Your task => Text only, exactly as given: reproduce the entries below without their pictures.

==== Given records ====

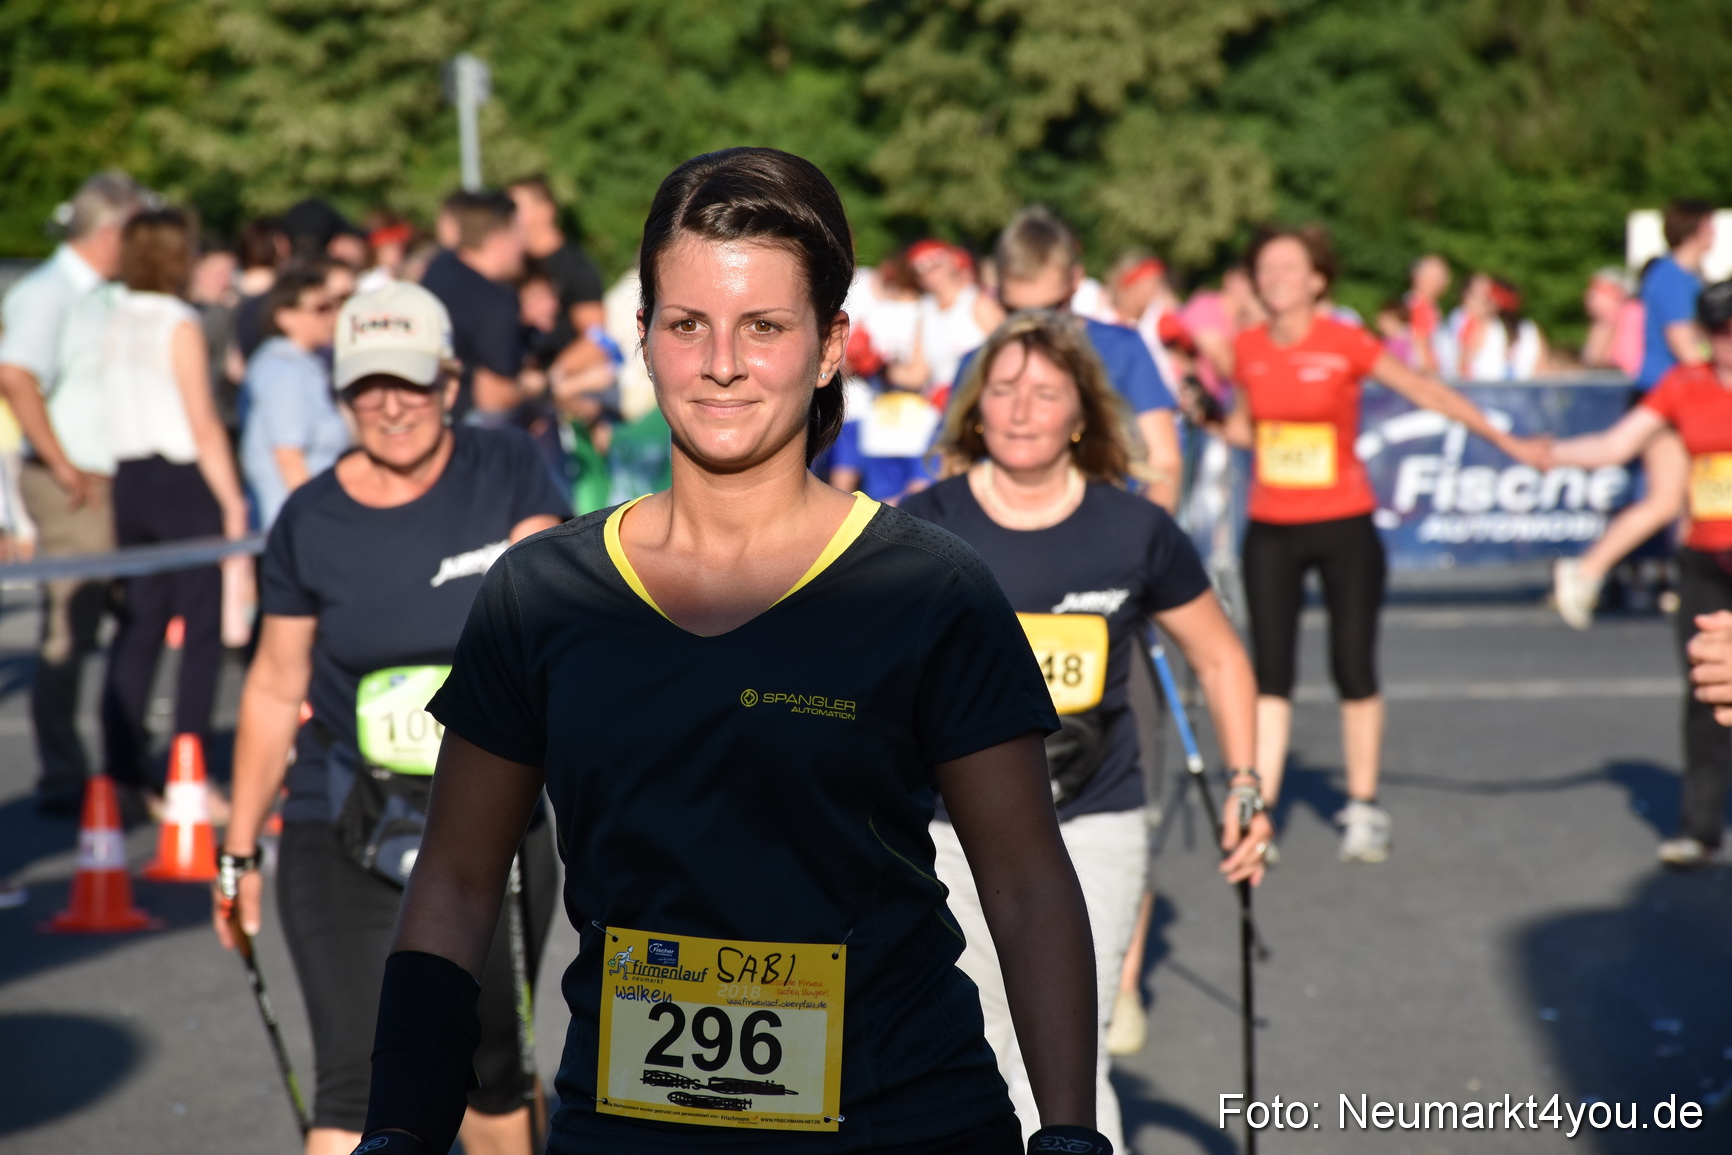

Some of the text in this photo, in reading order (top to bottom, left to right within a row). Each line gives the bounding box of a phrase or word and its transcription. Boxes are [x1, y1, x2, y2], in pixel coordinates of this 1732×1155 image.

[763, 693, 856, 713] SPANGLER
[791, 706, 855, 720] AUTOMATION
[632, 960, 709, 983] firmenlauf
[717, 946, 796, 987] SABI
[632, 976, 664, 985] neumarkt
[615, 984, 673, 1004] walken
[717, 983, 762, 1000] 2018
[644, 1002, 782, 1075] 296
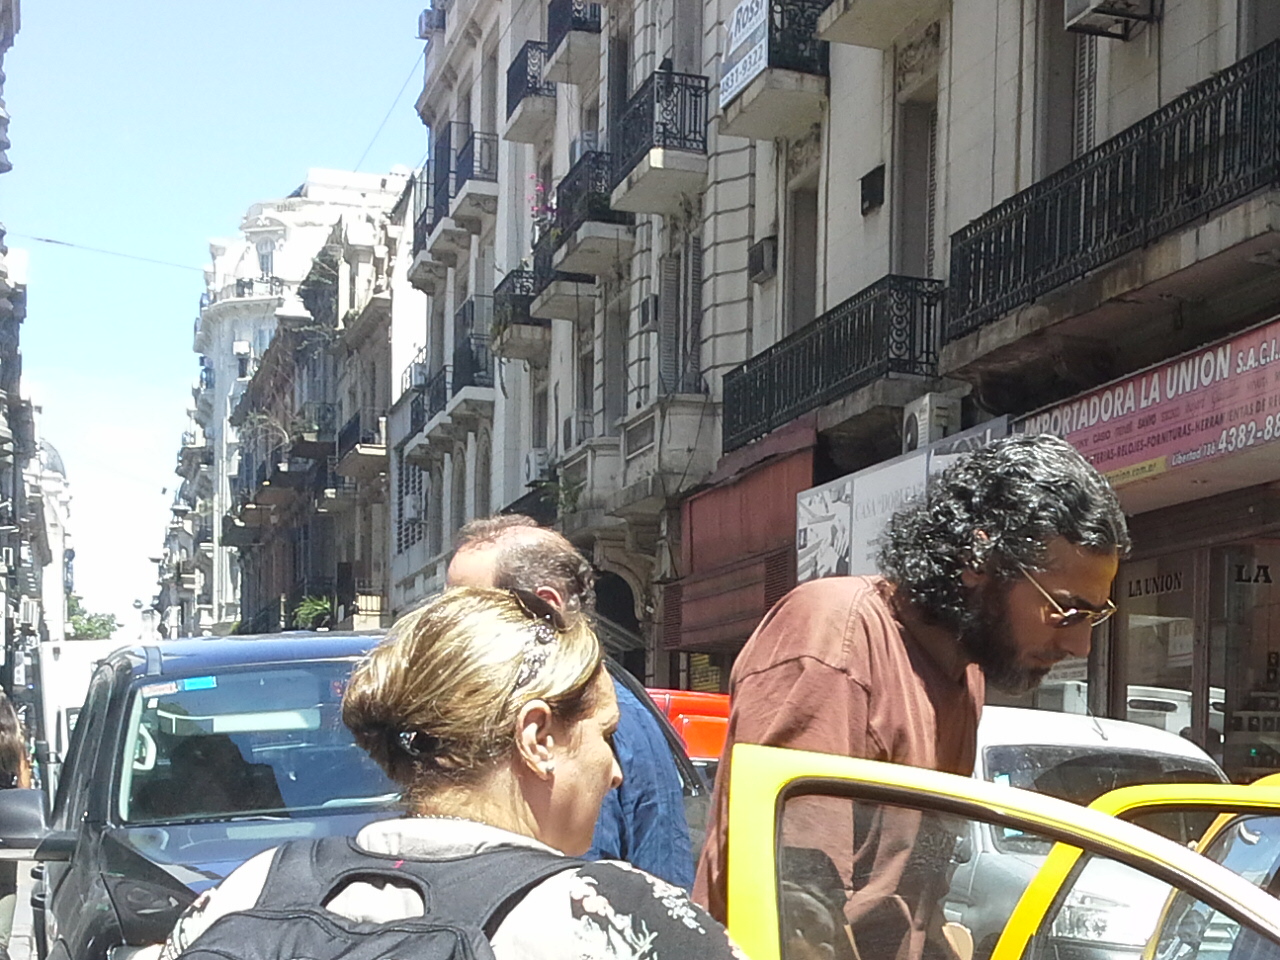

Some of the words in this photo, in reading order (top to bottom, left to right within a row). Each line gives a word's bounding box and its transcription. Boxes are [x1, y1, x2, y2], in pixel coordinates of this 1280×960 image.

[1140, 374, 1161, 405] LA
[1165, 344, 1231, 399] UNION
[1128, 579, 1143, 598] LA
[1145, 572, 1183, 595] UNION
[1234, 564, 1273, 584] LA

====

Reply =>
Some of the text in this photo, in reading order (top to bottom, left to right within a row). Each line gives the bounding box of a phrase or word and its transcription. Boxes are [x1, y1, x2, y2], in pixel coordinates of this 1732×1155 image.

[763, 693, 856, 713] SPANGLER
[791, 706, 855, 720] AUTOMATION
[632, 960, 709, 983] firmenlauf
[717, 946, 796, 987] SABI
[632, 976, 664, 985] neumarkt
[615, 984, 673, 1004] walken
[717, 983, 762, 1000] 2018
[644, 1002, 782, 1075] 296

Some of the words in this photo, in reading order (top to bottom, left to right within a row). Each line gives a word's bounding box and its transcription. Boxes are [x1, y1, x2, y2], in pixel coordinates of this 1280×960 image.

[1140, 374, 1161, 405] LA
[1165, 344, 1231, 399] UNION
[1128, 579, 1143, 598] LA
[1145, 572, 1183, 595] UNION
[1234, 564, 1273, 584] LA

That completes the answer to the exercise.